Dans une pétition, dont une copie a été remise à notre rédaction, 24 élus sur les 43 membres de l’APC du chef-lieu de wilaya interpellent le wali de Constantine afin d’intervenir et de mettre surtout un terme à la crise qui secoue depuis plusieurs jours cette assemblée élue. Celle-ci « croule », faut-il le souligner, sous le poids des querelles partisanes de ses propres élus. Pour preuve, la dernière session ordinaire s’est tenue, le moins que l’on puisse dire, dans un climat houleux. C’était l’occasion pour certains élus de tout déballer sur la place publique. Des accusations de part et d’autre ont ainsi marqué les travaux de cette session, notamment entre Charaf Bensari, le président de l’APC et ses proches collaborateurs et pas moins de 24 élus locaux.
Ces derniers parlent de mauvaise gestion des affaires de la collectivité et de mise à l’écart par le P/APC. Celui-ci serait, selon ses détracteurs, derrière cette situation de blocage. Pour preuve, une seule session ordinaire a été tenue durant l’exercice écoulé, lit-on dans ledit document. En attendant que le wali tranche dans les graves accusations portées par les deux « camps », la ville de Constantine continue de subir les conséquences de ce climat de malaise et de suspicions.

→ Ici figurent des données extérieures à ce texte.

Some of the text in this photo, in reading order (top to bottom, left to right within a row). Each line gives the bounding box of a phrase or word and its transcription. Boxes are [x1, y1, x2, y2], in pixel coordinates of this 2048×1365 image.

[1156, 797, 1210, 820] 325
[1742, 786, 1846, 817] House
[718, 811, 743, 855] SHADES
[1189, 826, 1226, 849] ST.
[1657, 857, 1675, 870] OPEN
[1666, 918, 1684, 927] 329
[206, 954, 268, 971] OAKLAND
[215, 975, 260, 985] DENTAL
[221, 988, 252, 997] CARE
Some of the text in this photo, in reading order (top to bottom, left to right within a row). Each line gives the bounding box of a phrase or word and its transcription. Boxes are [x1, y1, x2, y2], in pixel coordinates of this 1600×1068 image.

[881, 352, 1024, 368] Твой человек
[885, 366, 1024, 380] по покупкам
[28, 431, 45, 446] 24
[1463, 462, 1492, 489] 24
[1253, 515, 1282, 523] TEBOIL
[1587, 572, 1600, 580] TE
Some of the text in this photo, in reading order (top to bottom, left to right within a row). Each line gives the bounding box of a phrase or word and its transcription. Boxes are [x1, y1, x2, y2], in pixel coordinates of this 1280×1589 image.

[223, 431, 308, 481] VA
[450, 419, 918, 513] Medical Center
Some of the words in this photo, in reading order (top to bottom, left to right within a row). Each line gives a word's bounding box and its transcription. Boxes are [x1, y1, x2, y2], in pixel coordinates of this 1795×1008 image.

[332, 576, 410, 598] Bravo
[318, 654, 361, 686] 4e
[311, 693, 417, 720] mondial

Et ce n’est pas l’approbation du budget 2023 qui va suffire pour gérer et mener jusqu’au bout les nombreux dossiers en instance. Et si Constantine croule encore sous le poids de ces conflits, elle croule également sous le poids de la saleté, maitre mot dans tous les quartiers de la ville, ou presque. En dépit de quelques actions entreprises ici et là, visant l’amélioration du cadre de vie du citoyen, Constantine, qu’on le veuille ou non, est une ville sale, au sens large du terme, qui n’inspire plus personne. Le wali de Constantine est plus que jamais interpellé afin de mettre un terme à cette « marmelade » qui n’a, en effet, que trop duré. En fait, ce n’est pas avec des mots que le blason terni, des années durant, de cette ville millénaire sera effectivement redoré. Constantine a surtout besoin d’hommes intègres cherchant à servir sincèrement la collectivité, loin des calculs mesquins et loin aussi d’un agenda politique. Selon certaines indiscrétions, les jours de Bensari à la tête de l’APC de Constantine seraient bel et bien comptés.